Aparna’s father was an alcoholic and she had seen its ill-effects personally. When she saw many women from her neighbourhood being abused by their alcoholic husbands, she started a Red Brigade group which fights domestic violence in an interesting way.
Aparna Darade says she would see women in her Pune neighbourhood work all day and then be abused by their drunken husbands at night. “I wanted to stop this. So on January 3, 2012, I formed the Red Brigade,” she says.
Ahilyatai Rangnekar Brigade, named after a female leader in Maharashtra’s Communist Party of India, has solved 124 cases of corruption and domestic abuse in Pune district since its founding three years ago, and claims a membership that is several-thousand-women strong.
The organization is known in Pune for its relentless determination to bring cases to justice, and for the bright red sarees members wear when they protest, which is the reason for it being nicknamed the ‘Red Brigade.’
Its founder, 35-year-old Aparna Ganesh Darade, says she was inspired to establish the organization after seeing flagrant violations of the law in her district, which were going unprosecuted. At protests, you will find Aparna holding one fist defiantly in the air and the other holding the hand of her young son, his small body partially hidden in the folds of her bright red saree.
The Red Brigade has a committee that determines cases on which to focus. Some cases are chosen from submissions by community members, and others are the outcome of committee research.
The first step the Red Brigade takes in its mission to address the situation brought to their attention is to send a warning letter to the offending party, in which he or she is directed to come to a meeting to discuss the problem. These meetings, which are an attempt to ameliorate the situation, are led by Aparna and attended by a lawyer and several other members of the organization.
Following this, if the situation does not improve, Aparna takes the second step, which is to contact authorities at the courthouse and at the police station and ask them to intervene. However, due to the often drawn-out process of Pune’s legal system, these interventions are frequently ineffective in curbing the abuse and further action is required.
This is the point at which the Red Brigade swings into action and a protest is launched. Anywhere from thirty to two hundred Ahilyatai Rangnekar Brigade members — numbers vary depending on the situation — all clothed in red, appear at the site where the transgressor resides or enacts his illegal business.

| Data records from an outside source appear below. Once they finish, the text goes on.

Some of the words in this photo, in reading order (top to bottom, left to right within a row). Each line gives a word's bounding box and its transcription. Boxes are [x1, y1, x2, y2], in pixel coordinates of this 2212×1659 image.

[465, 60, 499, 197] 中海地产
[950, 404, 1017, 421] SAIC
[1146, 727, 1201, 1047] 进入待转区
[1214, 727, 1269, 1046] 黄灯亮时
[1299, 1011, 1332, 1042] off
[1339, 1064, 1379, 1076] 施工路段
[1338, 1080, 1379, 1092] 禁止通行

Members chant, drum and march until the accused agrees to reform. This method has proven to be so effective that when perpetrators are sent the initial warning letter by the Red Brigade, they are invariably pressured by family, friends and police to comply in order to avoid being shamed by further action.

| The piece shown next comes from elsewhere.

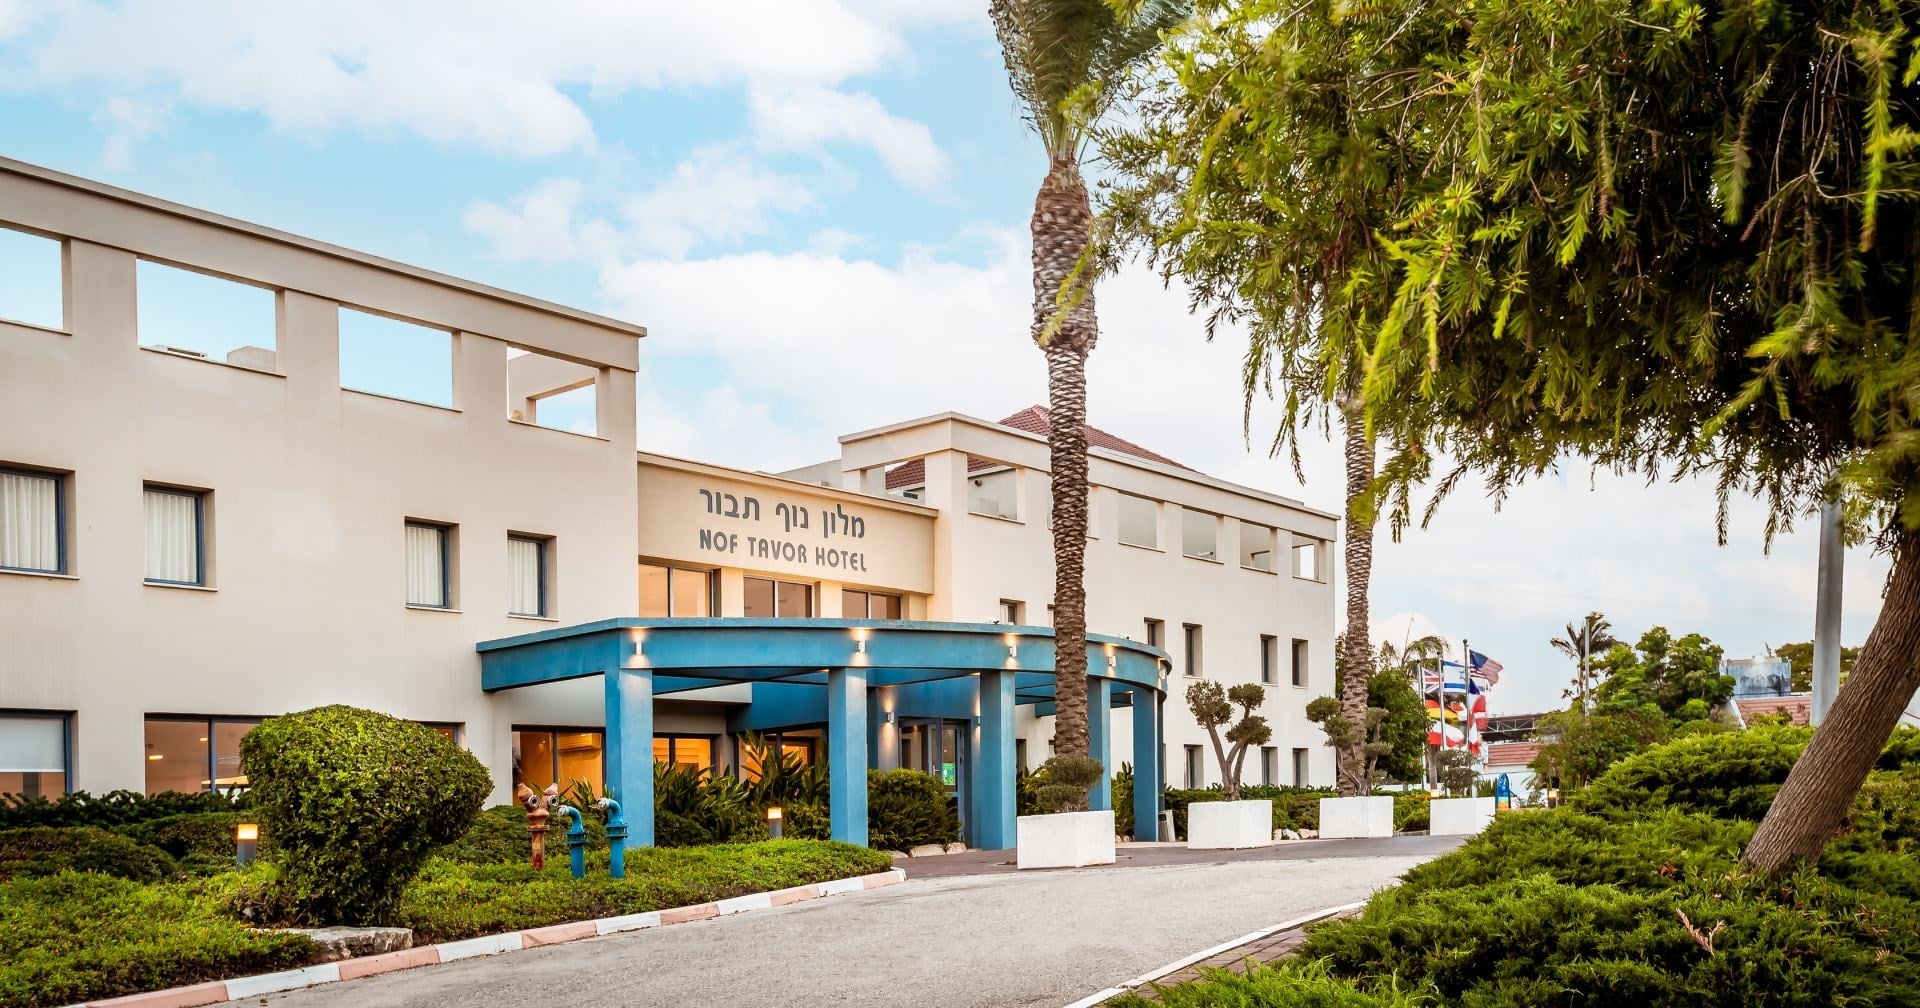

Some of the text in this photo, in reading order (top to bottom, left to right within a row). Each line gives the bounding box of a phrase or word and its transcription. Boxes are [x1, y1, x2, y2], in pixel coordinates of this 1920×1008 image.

Ahilyatai Rangnekar Brigade always follows a case through to completion.
Aparna Ganesh Darade was born in a village called Tambua in Maharashtra. She says that in her early childhood her parents owned a number of farms and were relatively affluent. However, Aparna’s father was an alcoholic.
Due to this addiction and the mismanagement of the family’s finances, Aparna’s family was forced to sell their properties, and they quickly descended into poverty. To make ends meet, Aparna learned how to sew and was able to earn enough money in this way to pay for her education.
Aparna feels that her background makes her feel especially sympathetic to cases involving alcohol abuse. “Whenever I hear of a case of alcoholism, I jump in to help immediately,” she says. In college, Aparna discovered that she had natural leadership abilities and felt an affinity for activism.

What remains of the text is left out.